* _TASK TO COMPLETE_
All of the data should be restated word for word, with the pictures omitted.

* _INFORMATION SUPPLIED_
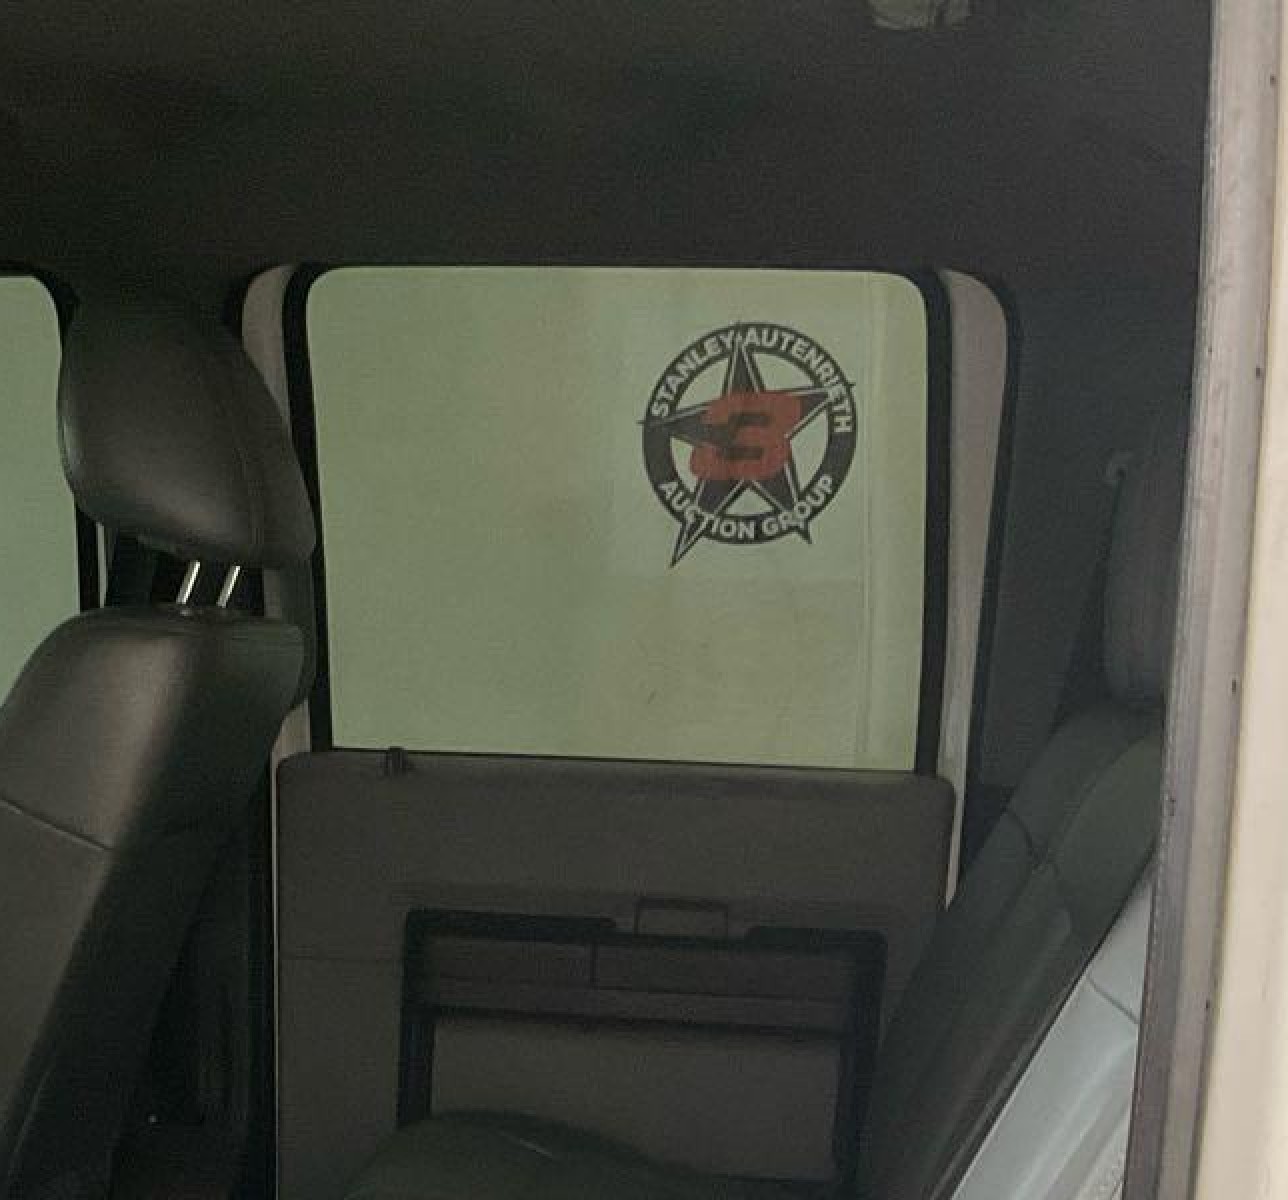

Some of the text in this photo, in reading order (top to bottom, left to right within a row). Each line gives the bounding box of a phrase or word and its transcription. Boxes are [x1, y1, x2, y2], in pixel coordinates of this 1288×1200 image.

[651, 327, 852, 433] STANLEY AUTENRIETH
[658, 474, 833, 540] AUCTION GROUP
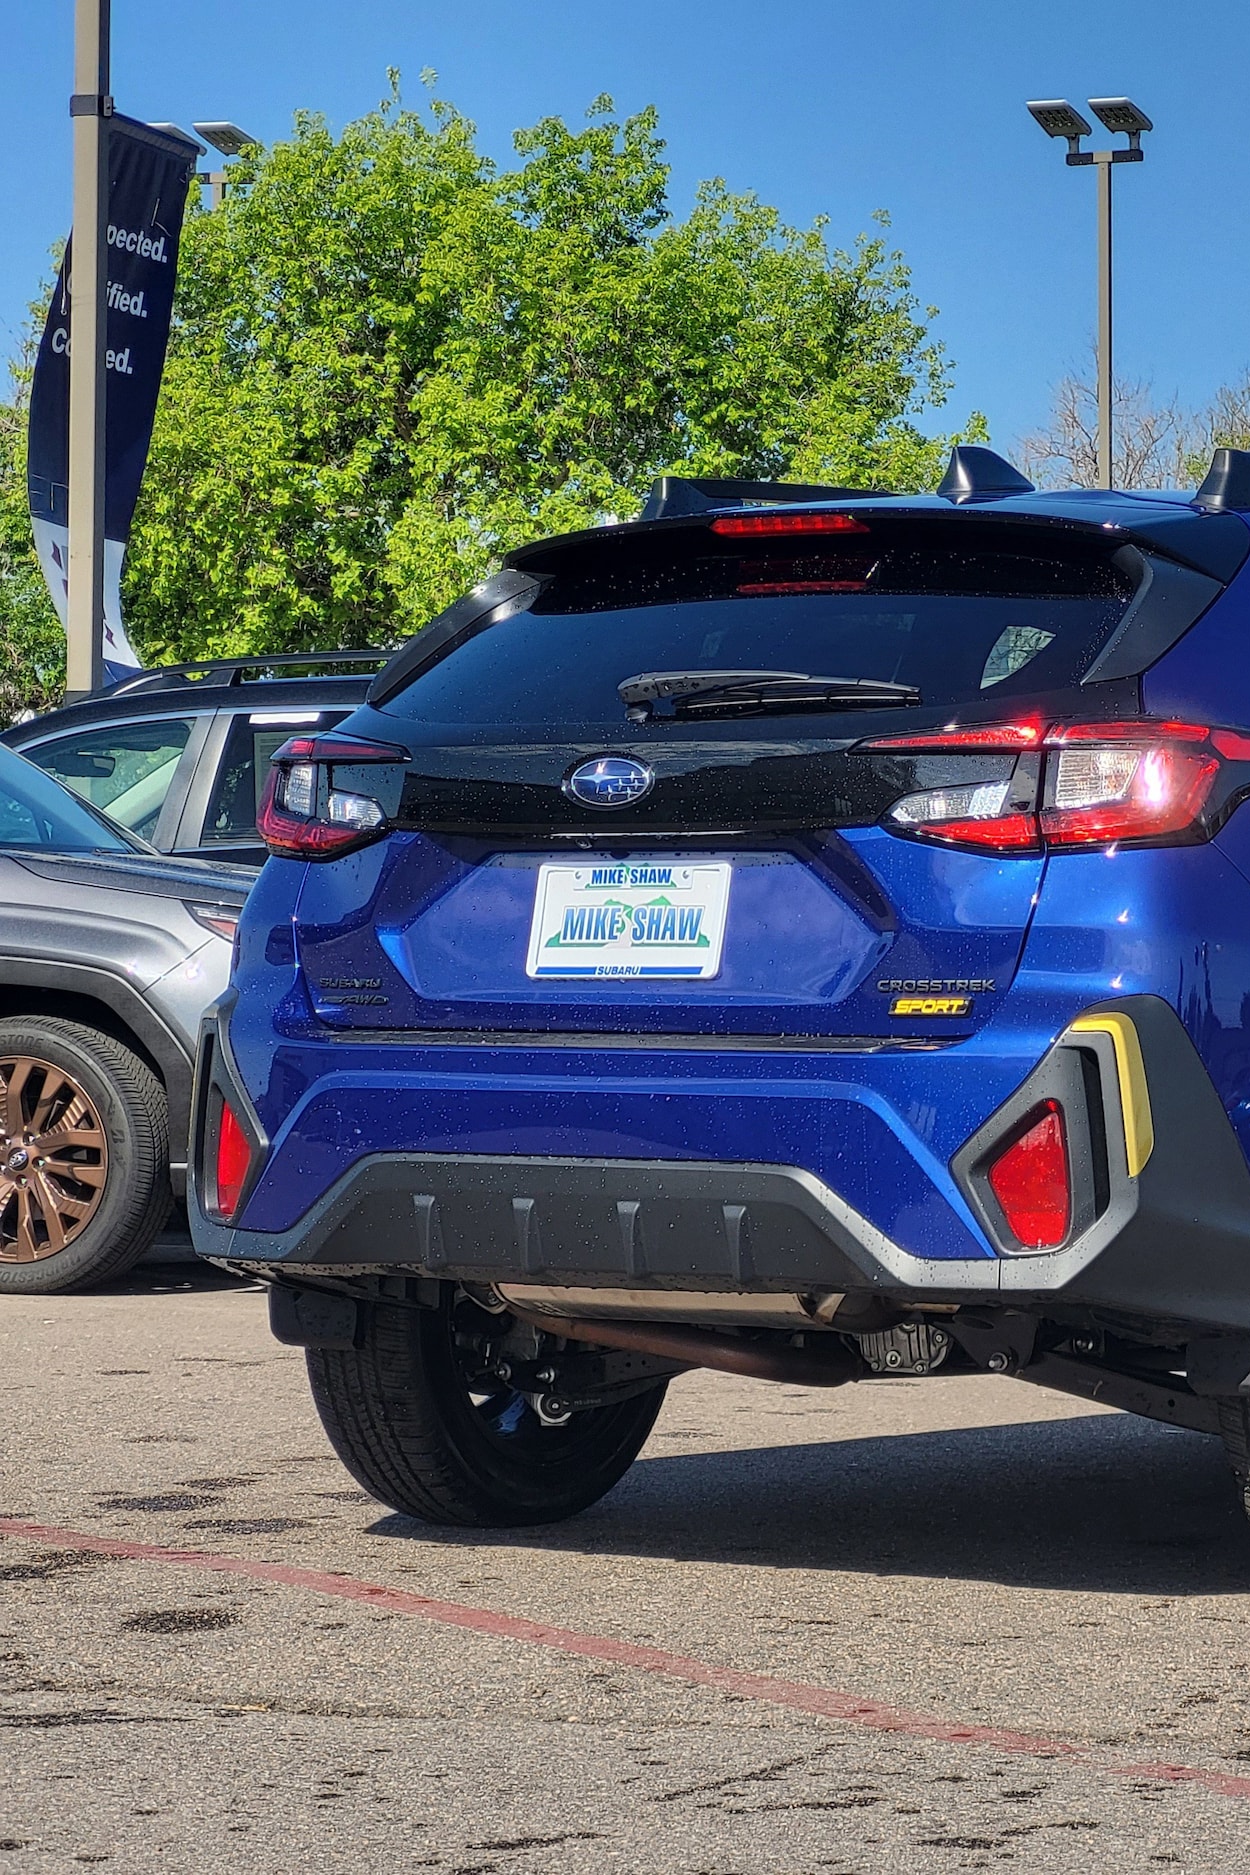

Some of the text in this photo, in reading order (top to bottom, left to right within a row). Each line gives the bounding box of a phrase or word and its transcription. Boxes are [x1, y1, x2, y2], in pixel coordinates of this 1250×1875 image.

[107, 224, 168, 263] pected.
[591, 868, 672, 885] MIKE SHAW
[562, 907, 703, 942] MIKE SHAW
[597, 966, 640, 976] SUBARU
[319, 977, 382, 989] SUBARU
[877, 979, 996, 993] CROSSTREK
[893, 998, 965, 1014] SPORT
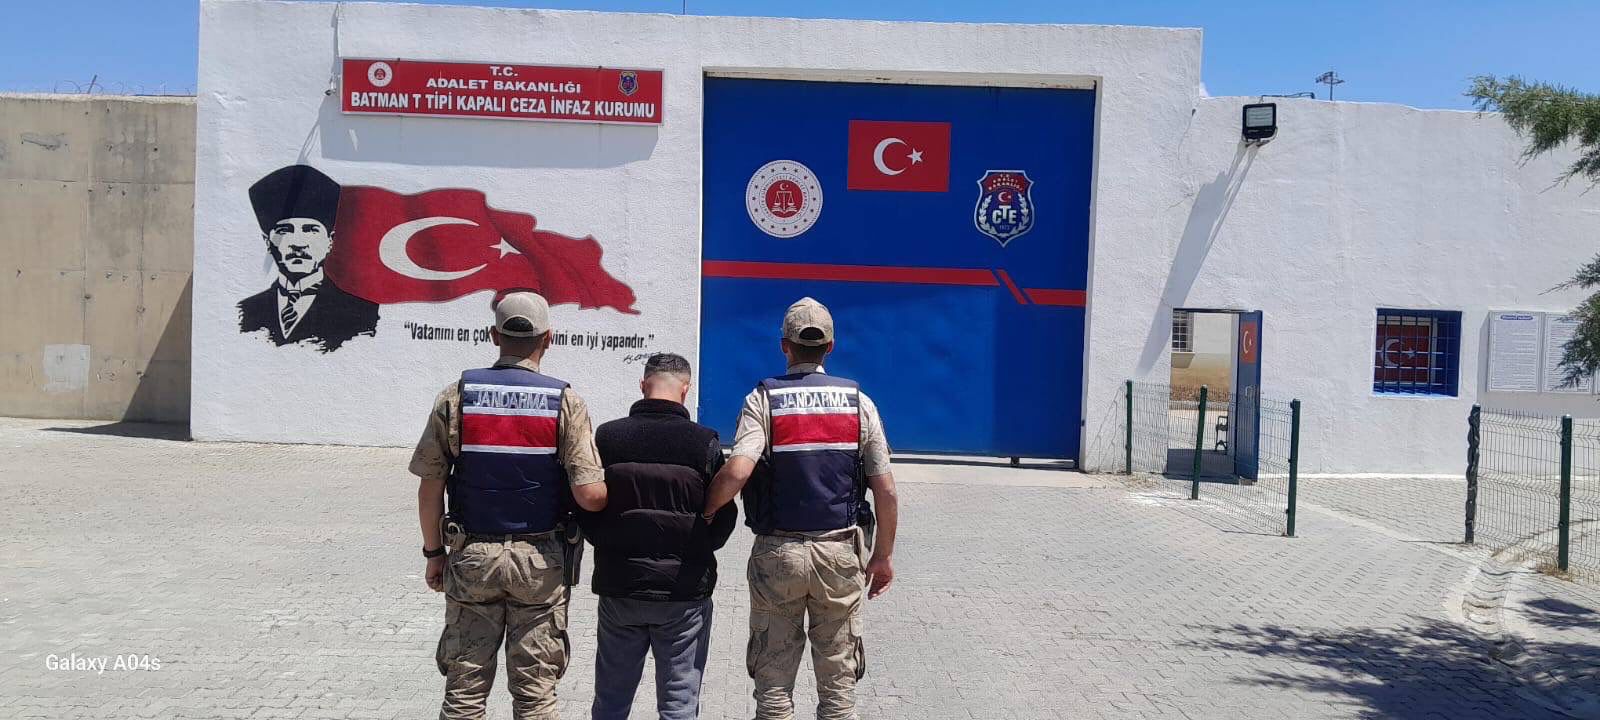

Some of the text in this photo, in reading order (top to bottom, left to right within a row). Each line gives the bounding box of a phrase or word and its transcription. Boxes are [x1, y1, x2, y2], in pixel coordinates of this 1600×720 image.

[490, 66, 518, 77] T.C.
[426, 78, 581, 94] ADALET BAKANLIĞI
[351, 91, 655, 118] BATMAN T TİPİ KAPALI CEZA İNFAZ KURUMU
[992, 205, 1017, 225] CTE
[457, 327, 470, 342] en
[549, 330, 568, 346] vini
[571, 332, 584, 347] en
[586, 331, 598, 350] iyi
[473, 390, 549, 410] JANDARMA
[780, 391, 850, 409] JANDARMA
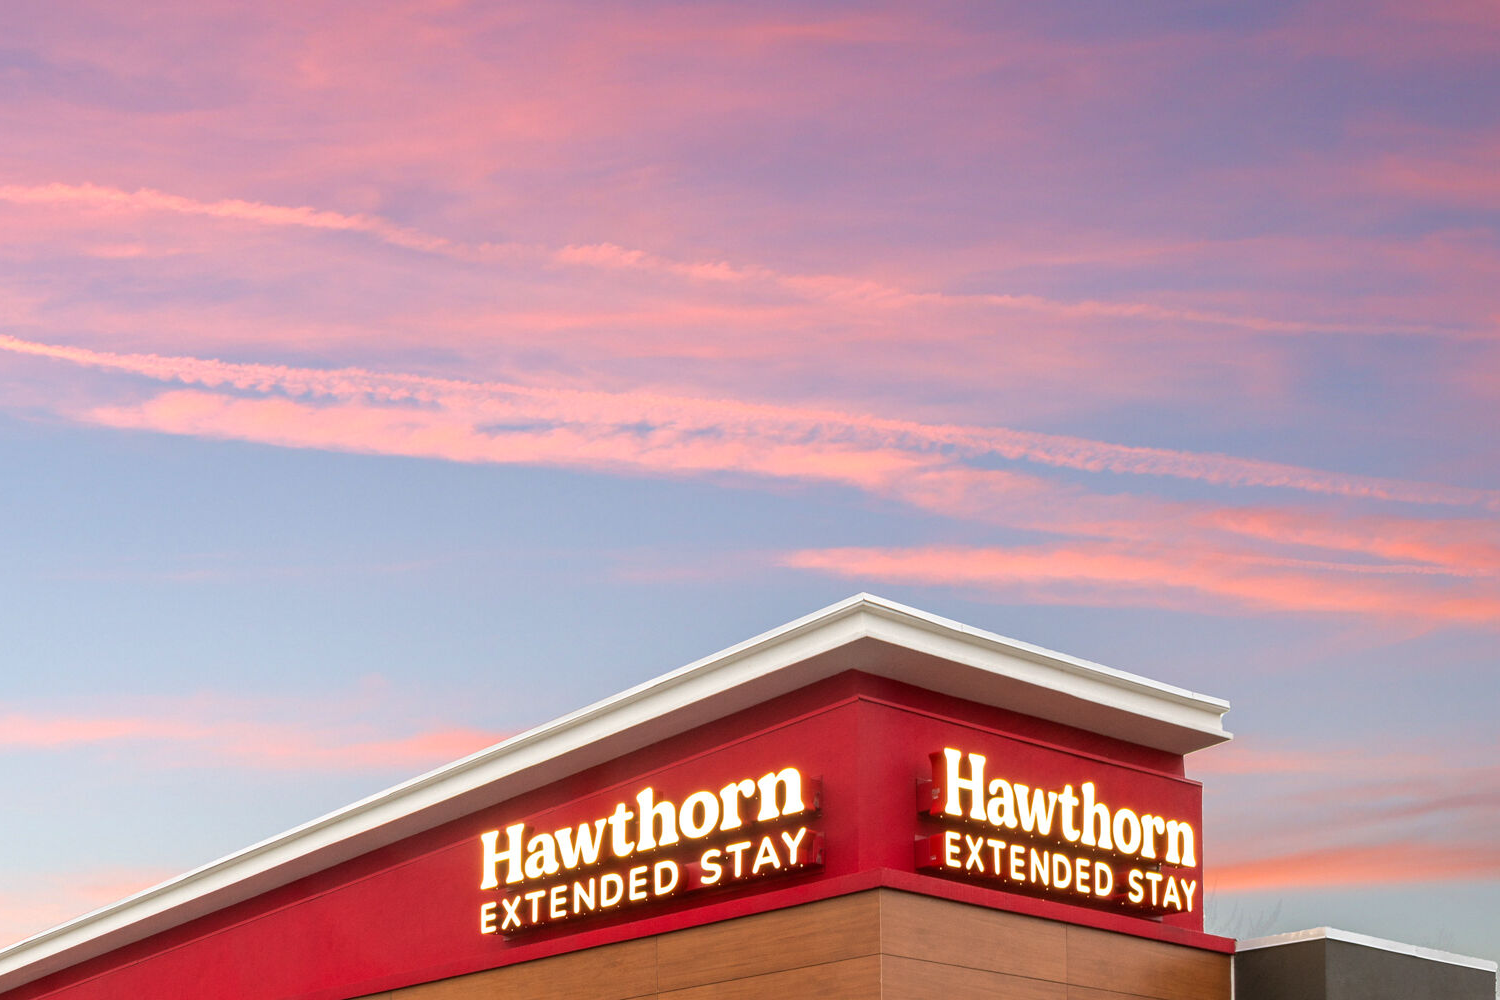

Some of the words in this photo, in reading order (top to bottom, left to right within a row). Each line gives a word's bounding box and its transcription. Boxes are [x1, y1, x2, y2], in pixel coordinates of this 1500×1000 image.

[480, 767, 805, 890] Hawthorn
[943, 746, 1197, 868] Hawthorn
[480, 860, 679, 934] EXTENDED
[700, 827, 807, 885] STAY
[945, 830, 1114, 897] EXTENDED
[1127, 868, 1197, 912] STAY

* _COMPLETED TASK_
Some of the text in this photo, in reading order (top to bottom, left to right within a row). Each line gives the bounding box of a phrase or word and its transcription. Boxes are [x1, y1, x2, y2], in pixel coordinates of this 1288×1200 image.

[651, 327, 852, 433] STANLEY AUTENRIETH
[658, 474, 833, 540] AUCTION GROUP

Some of the text in this photo, in reading order (top to bottom, left to right within a row). Each line gives the bounding box of a phrase or word and its transcription. Boxes are [x1, y1, x2, y2], in pixel coordinates of this 1250×1875 image.

[107, 224, 168, 263] pected.
[591, 868, 672, 885] MIKE SHAW
[562, 907, 703, 942] MIKE SHAW
[597, 966, 640, 976] SUBARU
[319, 977, 382, 989] SUBARU
[877, 979, 996, 993] CROSSTREK
[893, 998, 965, 1014] SPORT

Some of the text in this photo, in reading order (top to bottom, left to right within a row). Each line gives the bounding box of a phrase or word and its transcription. Boxes are [x1, y1, x2, y2], in pixel coordinates of this 1600×720 image.

[490, 66, 518, 77] T.C.
[426, 78, 581, 94] ADALET BAKANLIĞI
[351, 91, 655, 118] BATMAN T TİPİ KAPALI CEZA İNFAZ KURUMU
[992, 205, 1017, 225] CTE
[457, 327, 470, 342] en
[549, 330, 568, 346] vini
[571, 332, 584, 347] en
[586, 331, 598, 350] iyi
[473, 390, 549, 410] JANDARMA
[780, 391, 850, 409] JANDARMA

Some of the words in this photo, in reading order (top to bottom, left to right within a row). Each line gives a word's bounding box and its transcription. Boxes are [x1, y1, x2, y2], in pixel coordinates of this 1500×1000 image.

[480, 767, 805, 890] Hawthorn
[943, 746, 1197, 868] Hawthorn
[480, 860, 679, 934] EXTENDED
[700, 827, 807, 885] STAY
[945, 830, 1114, 897] EXTENDED
[1127, 868, 1197, 912] STAY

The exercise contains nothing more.